What should be added in numerator and denominator of fraction \(\frac { 5 }{ 13 }\) so that the fraction become \(\frac { 3 }{ 5 }\) ?
Solution:
Let the required number be x.
Then, according(RBSESolutions.com)to question,
\(\frac { 5+x }{ 13+x } =\frac { 3 }{ 5 } \)
⇒ 5(5 + x) = 3(13 + x)
⇒ 25 + 5x = 39 + 3x
⇒ 5x – 3x = 39 – 25
⇒ 2x = 14
\(x=\frac { 14 }{ 2 }\)
⇒ x = 7
Hence, the required number be 7.
Question 3.
What should be subtracted from numerator and denominator of fraction \(\frac { 15 }{ 19 }\) so that the fraction becomes \(\frac { 5 }{ 7 }\) ?
Solution:
Let the required number be x.
Then, according(RBSESolutions.com)to question,
\(\frac { 15-x }{ 19-x } =\frac { 5 }{ 7 } \)
⇒ 7(15 – x) = 5(19 – x)
⇒ 105 – 7x = 95 – 5x
⇒ – 7x + 5x = 95 – 105
⇒ – 2x = – 10
\(x=\frac { -10 }{ -2 }\)
⇒ x = 5
Hence, the required number is 5.
Question 4.
Ramesh distributed his capital, half of the Capital to his wife, one third to his son and remaining 50,000/- to his daughter.

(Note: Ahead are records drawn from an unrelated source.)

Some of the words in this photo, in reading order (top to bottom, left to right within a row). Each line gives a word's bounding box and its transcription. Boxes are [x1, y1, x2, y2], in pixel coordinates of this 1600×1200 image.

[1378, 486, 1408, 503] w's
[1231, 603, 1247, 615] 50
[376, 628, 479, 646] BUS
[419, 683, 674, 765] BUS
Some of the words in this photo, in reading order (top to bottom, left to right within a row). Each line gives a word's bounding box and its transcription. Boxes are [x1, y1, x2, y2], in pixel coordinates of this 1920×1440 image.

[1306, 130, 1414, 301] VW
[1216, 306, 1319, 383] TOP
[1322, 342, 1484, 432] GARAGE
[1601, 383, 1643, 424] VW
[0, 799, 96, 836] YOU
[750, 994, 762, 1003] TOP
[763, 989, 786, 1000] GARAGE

Find the total amount of his capital.
Solution:
Let x be the total money.
Then, according to question,
Money given to wife = \(\frac { x }{ 2 }\)

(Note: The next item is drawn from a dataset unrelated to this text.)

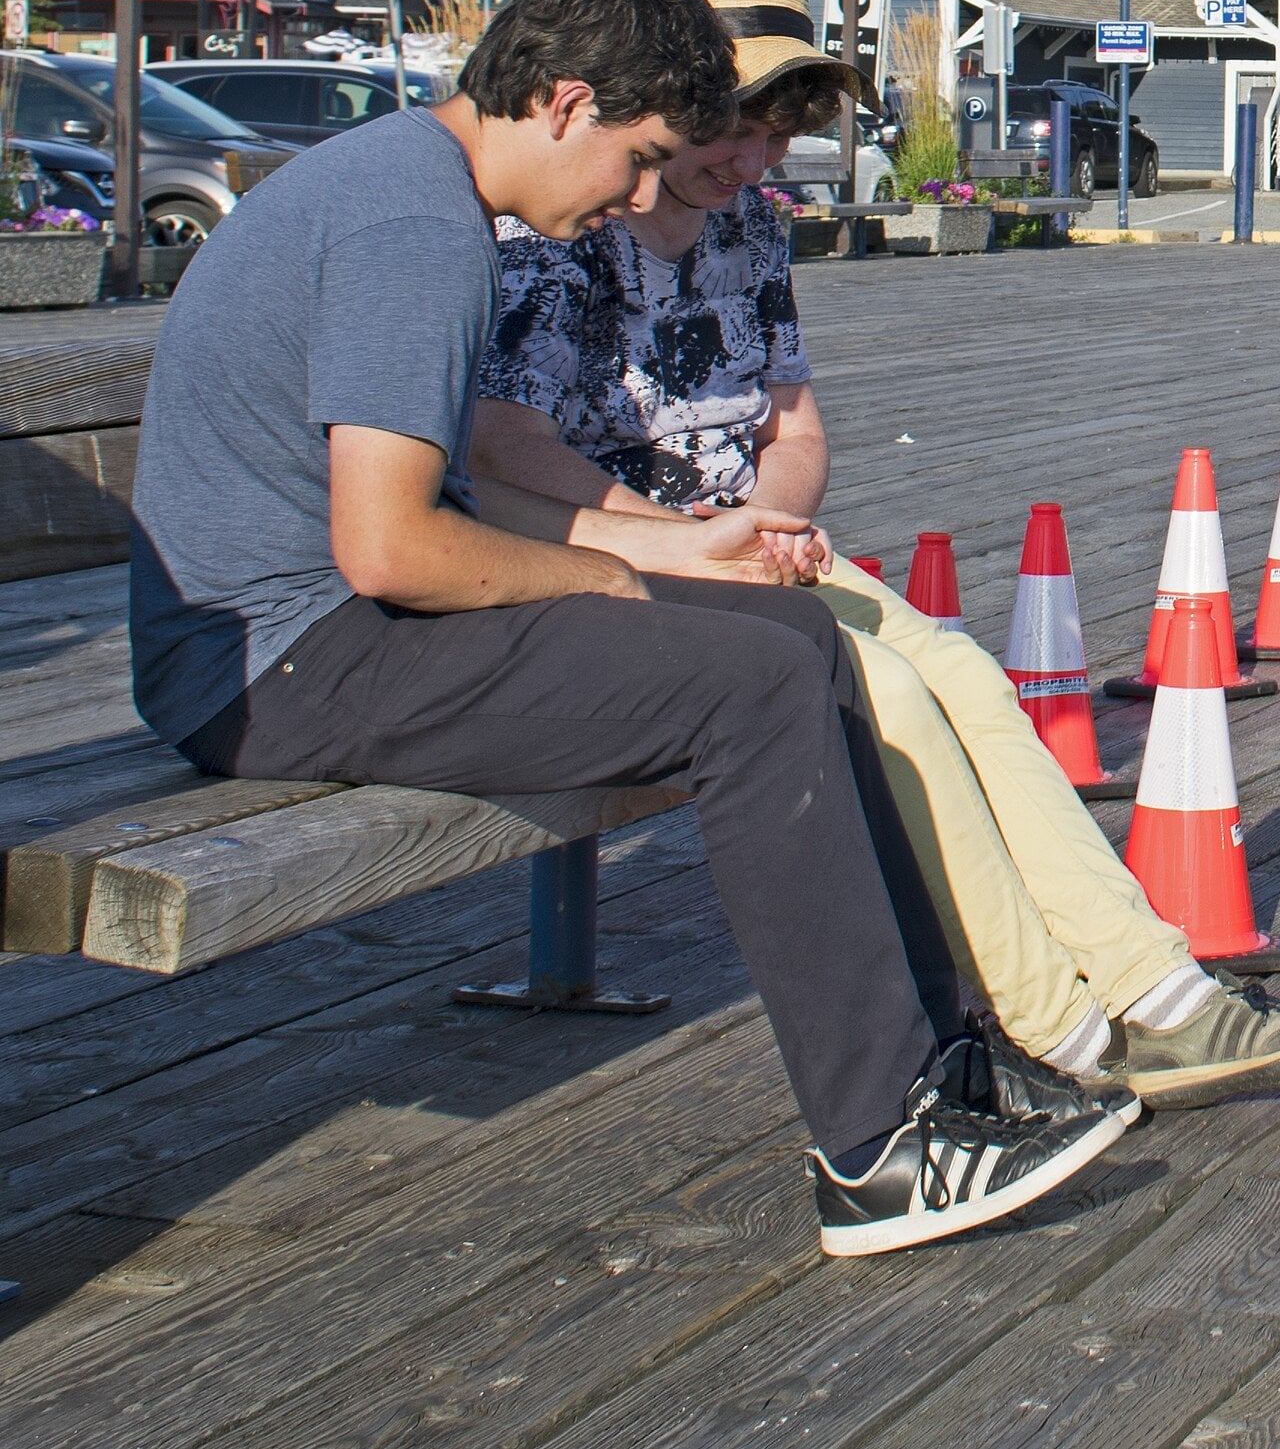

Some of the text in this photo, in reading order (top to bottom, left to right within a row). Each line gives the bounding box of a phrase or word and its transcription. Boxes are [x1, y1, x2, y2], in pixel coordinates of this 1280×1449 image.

[1207, 0, 1221, 20] P
[969, 100, 982, 117] P
[1025, 677, 1082, 688] PROPERTY

Money(RBSESolutions.com)given to son = \(\frac { x }{ 3 }\)
Money given to daughter = Rs 50,000
∴From question,
\(\frac { x }{ 2 } +\frac { x }{ 3 } +50,000=x\)
⇒ 3x + 2x + 50,000 x 6 = 6x [Multiplying by 6]
⇒ 5x + 3,00,000 = 6x
⇒ 3,00,000 = 6x – 5x
⇒ 3,00,000 = x
⇒ x = 3,00,000
Hence, the required money is Rs 3,00,000.
Question 5.
5 times of any number is 48 more than its double. Find the number.
Solution:
Let the required number be x.
Then, according to question,
Five times of number = 5x
Twice the number = 2x
Then,(RBSESolutions.com)according to question,
⇒ 5x = 2x + 48
⇒ 5x – 2x = 48
⇒ 3x = 48
⇒ \(x=\frac { 48 }{ 3 }\)
⇒ x = 16
Hence, the required number is 16.
Question 6.
Distribute 45 in this way that one part is 7 less than three times of another part.
Solution:
Let one part be x.
Then according to question second part = 45 – x.
Then,(RBSESolutions.com)according to question x = 3(45 – x) – 7
⇒ x = 135 – 3x – 7
⇒ x = – 3x + 135 – 7
⇒ x = – 3x + 128
⇒ x + 3x = 128
⇒ 4x = 128
⇒ \(x=\frac { 128 }{ 4 }\)
⇒ x = 32
Hence, one part = 32
Hence, second part = 45 – 32 = 13
Hence, the required part are 32 and 13.
Question 7.
Age of Ranu is three times of Sujal’s age. After 4 years, sum of their age will be 40 years. Find their present age.
Solution:
Let x years be the age of Sujal.
Then 3x will be the age of Ranu.
After 4 years,
Age of Sujal = (x + 4) years
Age of Ranu = (3x + 4) years
According to question,
(x + 4) + (3x + 4) = 40
⇒ x+3x + 4 + 4 = 40
⇒ 4x + 8 = 40
⇒ 4x = 40 – 8
⇒ 4x = 32
⇒ x = \(\frac { 32 }{ 8 }\)
⇒ x = 8
Hence the present age of Sujal = 8 years and the present age of Ranu = 3 x 8 years
= 24 years.
Question 8.
Length of a rectangle exceeds its breadth by 6 meter. If its perimeter is 64 meter then find its length and breadth.
Solution:
Let x meter be the breadth of rectangle.
Then, length(RBSESolutions.com)of rectangle = (x + 6) meter
∴Perimeter = 2 (Length + Breadth)
= 2 {x + (x + 6)}
= 2 (2x + 6) meter
According to question,
2(2x + 6) = 64
⇒ 2x + 6 = \(\frac { 64 }{ 2 }\)
⇒ 2x + 6 = 32
⇒ 2x = 32 – 6
⇒ 2x = 26
⇒ \(x=\frac { 26 }{ 2 }\)
⇒ x = 13
Hence, the breadth of rectangle = 13 meter length of rectangle = (13 + 6) meter = 19 meter
Question 9.
Sum of the digits of a two digit number is 12. New number formed by reversing the digit is greater than the original number by 54. Find the original number.
Solution:
Let one’s digit be x.
Since the sum(RBSESolutions.com)of digits is 12.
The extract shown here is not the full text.